Stephen Tu, on 2019-April-05, 18:52, said:
Vast majority of strong players gave up on using 1M-3M as strong and forcing a long time ago. They did the same for Swiss raises. The problem is just that these bids are too high. There's not enough room to exchange enough information below 4M to make an accurate assessment of slam potential. Ideally you want at least one hand to be able to show both distribution and high card range generally. The better response structures to the 2nt raise do that, and can also conceal if both opener and responder are minimum. (Typical: 3c = min range, responder with min GF can just sign off at 4M, but bid 3d to enquire further).
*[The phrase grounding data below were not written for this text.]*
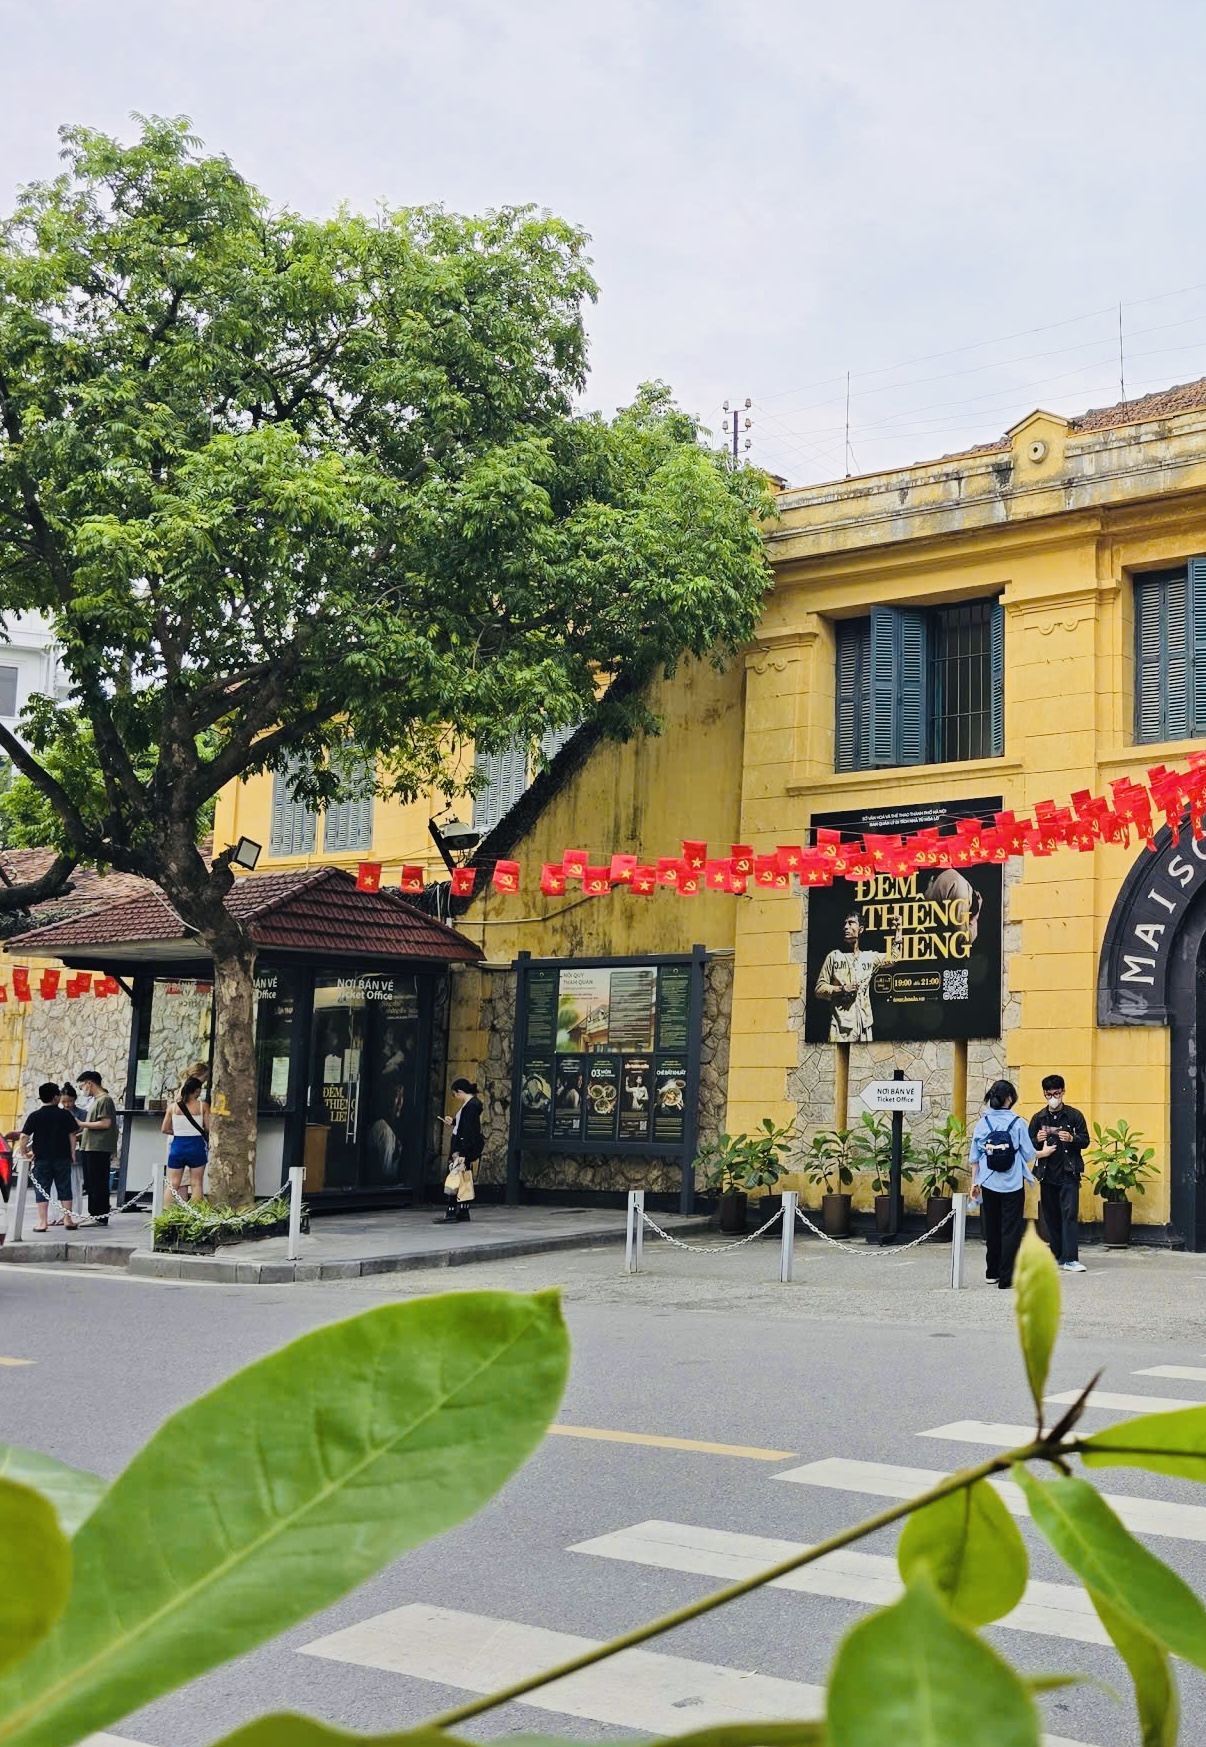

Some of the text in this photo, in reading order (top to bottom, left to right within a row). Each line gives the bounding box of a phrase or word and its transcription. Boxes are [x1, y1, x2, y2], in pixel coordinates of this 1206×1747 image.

[267, 976, 278, 988] VÉ
[337, 977, 394, 991] NƠI BÁN VÉ
[257, 990, 277, 1000] Office
[366, 990, 393, 1001] Office
[590, 1069, 601, 1078] 03
3M as F raise isn't quite as bad as Swiss since it's several steps lower, but given that 2nt can reasonably handle the entire range of forcing raise hands, you don't really need to also have 3M as forcing; it's more useful to have 1M-3M available as some sort of preempt/mixed raise or some such.
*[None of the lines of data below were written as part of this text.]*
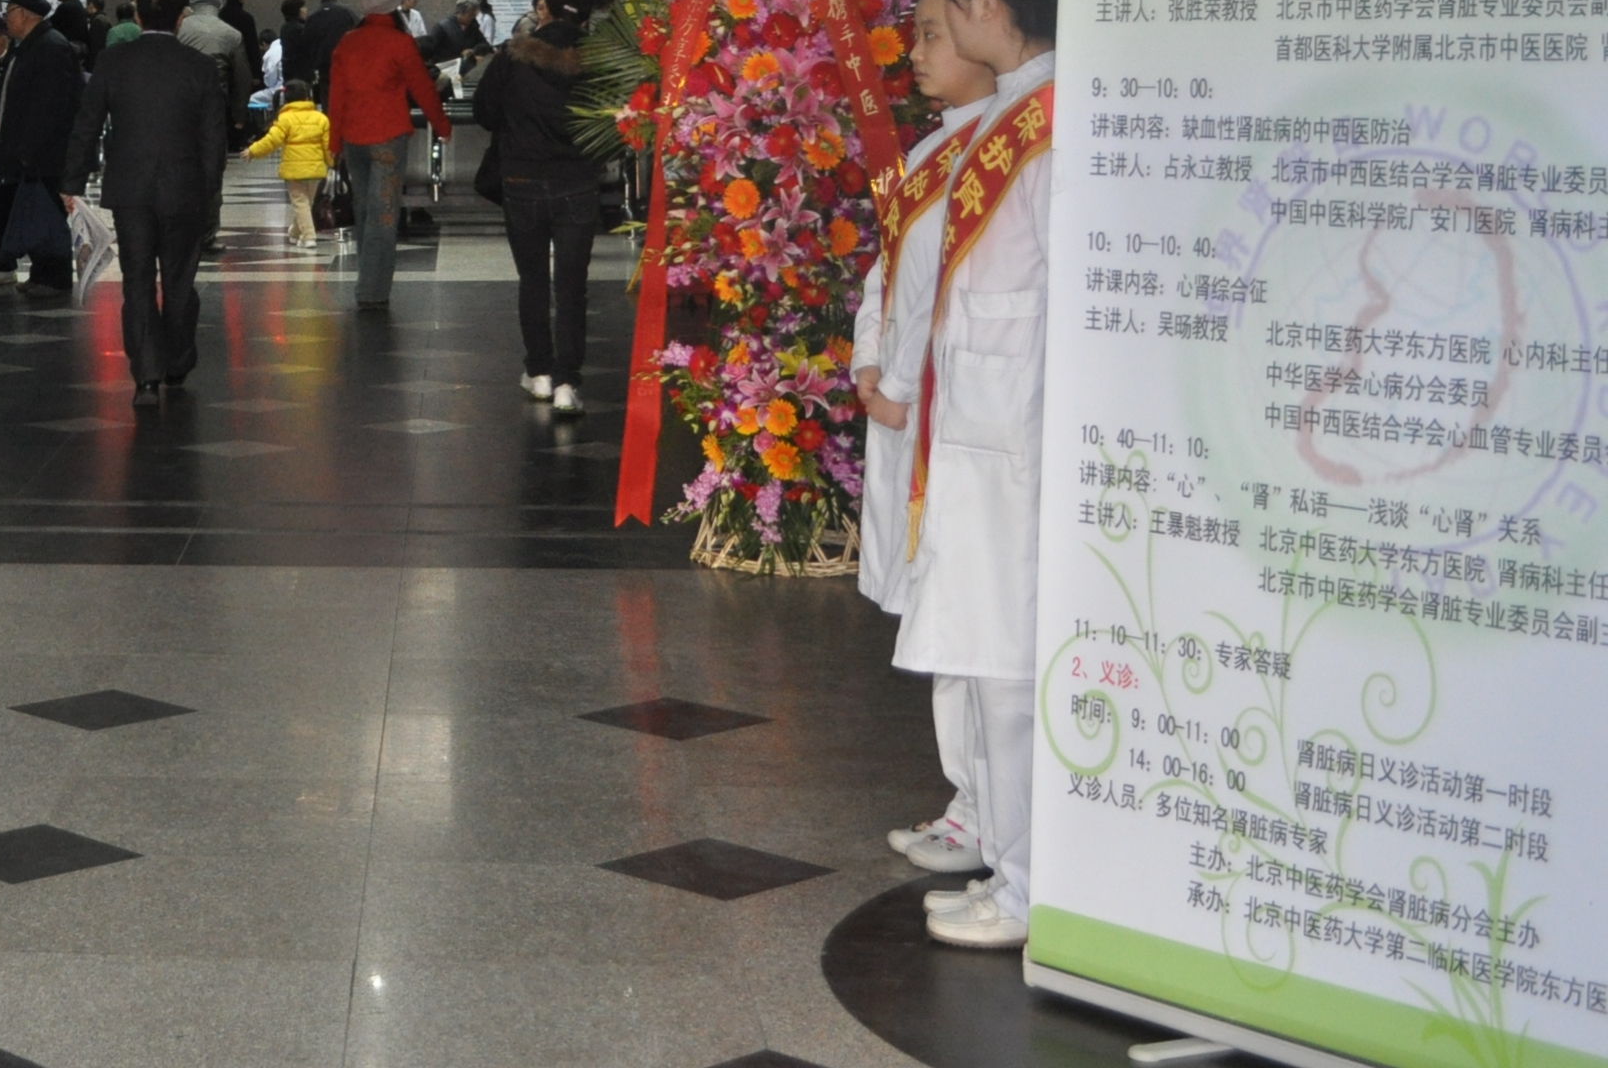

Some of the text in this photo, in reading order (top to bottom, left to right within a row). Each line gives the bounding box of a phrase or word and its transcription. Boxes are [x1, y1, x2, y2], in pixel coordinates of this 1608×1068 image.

[1275, 32, 1589, 62] 首都医科大学附属北京市中医医院
[1265, 319, 1491, 365] 北京中医药大学东方医院
[1264, 401, 1608, 466] 中国中西医结合学会心血管专业委员
[1259, 524, 1486, 584] 北京中医药大学东方医院
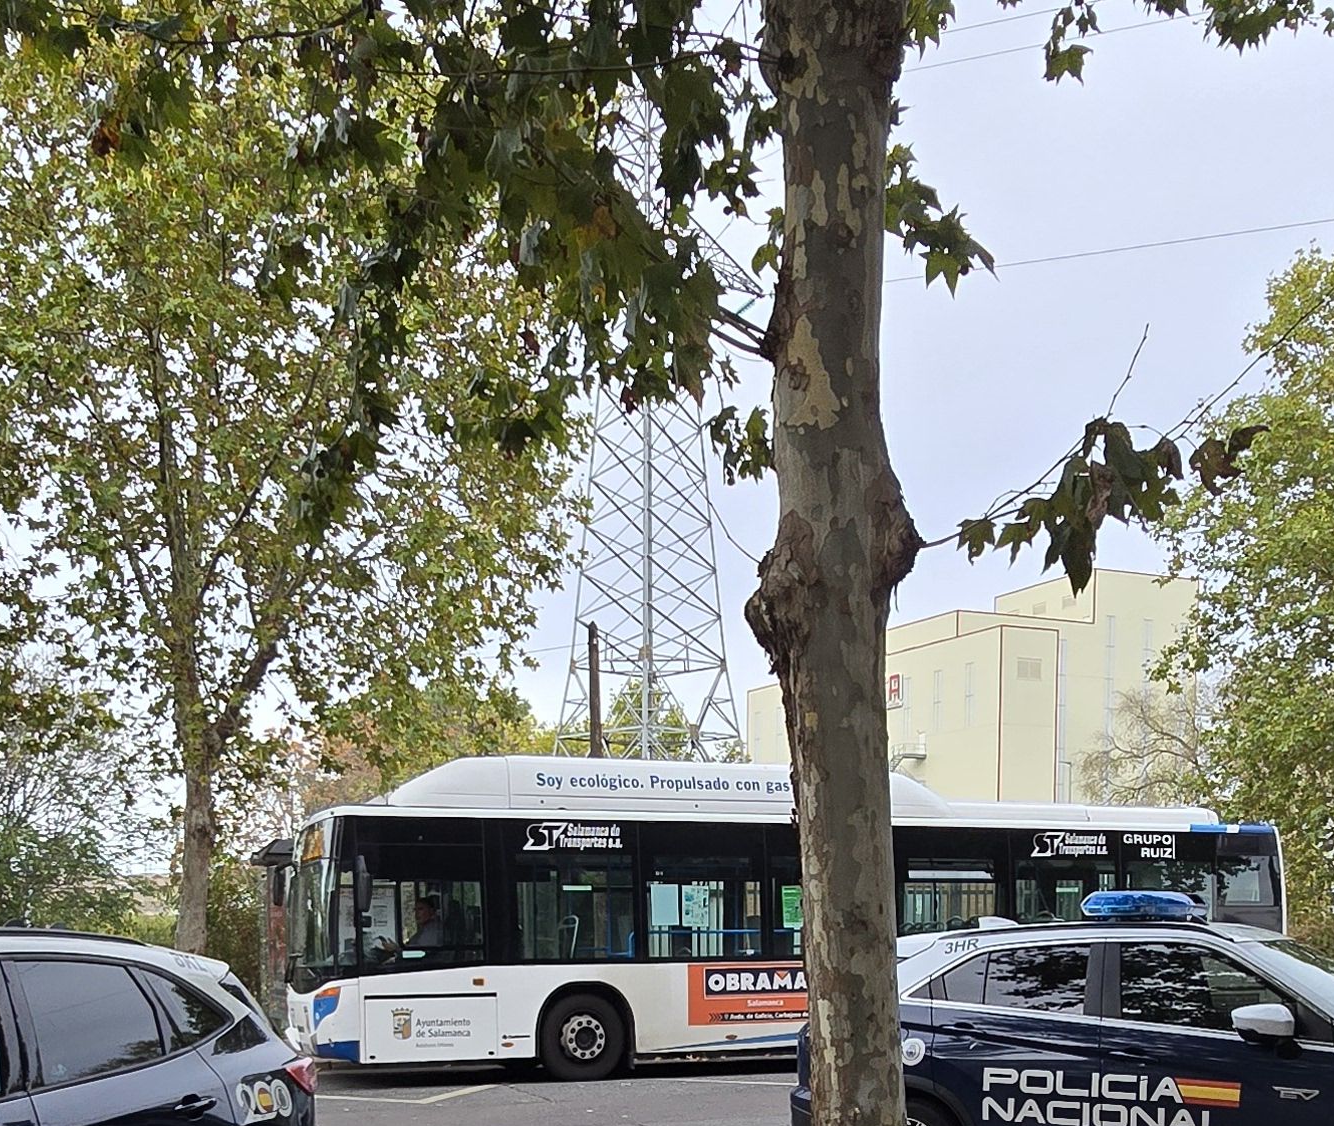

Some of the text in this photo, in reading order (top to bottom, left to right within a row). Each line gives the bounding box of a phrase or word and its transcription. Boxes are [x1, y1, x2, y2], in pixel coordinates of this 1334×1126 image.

[536, 772, 790, 794] Soy ecológico. Propulsado con gas
[567, 823, 609, 836] Salamanca
[559, 834, 607, 850] Transportes
[1123, 833, 1172, 845] GRUPO
[1141, 847, 1173, 858] RUIZ
[944, 938, 979, 954] 3HR
[415, 1018, 471, 1029] Ayuntamiento
[416, 1028, 471, 1038] de Salamanca
The pattaya web site argument in favor of Swiss (reserving Jacoby for stronger hands only) for me is logically weak. They claim is that it is better for weaker responders (min GF) to Swiss. This is wrong IMO because there isn't room for opener to show shortness. Even if responder has min GF hand opener needs a way to say "if your values aren't in my short suit, we should be in slam". Can't do that with only a couple bids left. They claim that it's a problem that opener doesn't know how strong responder is and responder should not take captaincy. It's really not a problem. Responder with non-fitting minimums will simply sign off frequently and stop cue bidding. Opener can simply assume that responder who stops cooperating is on the minimum end. Even in the std inefficient Jacoby structure one can do things like use 3M or 3nt as waiting bids to differentiate stronger from weaker holdings.
So experts generally use a combo of splinter raises (sometimes with multiple ranges, or perhaps distinguishing between singletons/voids, or maybe both), and 2nt sequences to cover their raises, with a few hands with a good side suit choosing to go through 2/1 (or perhaps relay sequence starting with 2c if available).
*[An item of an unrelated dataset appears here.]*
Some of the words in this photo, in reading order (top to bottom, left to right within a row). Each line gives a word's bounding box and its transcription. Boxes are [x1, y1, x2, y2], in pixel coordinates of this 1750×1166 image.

What you say is interesting but I'm trying to put the 2NT Jacoby in my system without changing much the structure is therefore keeping 1M-3M forcing (with range 14-18 and balanced hands) in this way still partly and using 2NT for the remaining unbalanced hands. The indication of the site of Pattaya Bridge is made to widen the "turn of horizon" presenting other declarative eventualities and for the examples of hands. The answers to the 2NT Jacoby are therefore: 3x is shortness in unbalanced minimum hand, 4M minimum hand without slam vision, 3M undefined shortness in good maximum hand and 3NT idem w / o shortness trying to avoid, by balancing all this, to complicate a system that I tend to keep it as natural as possible.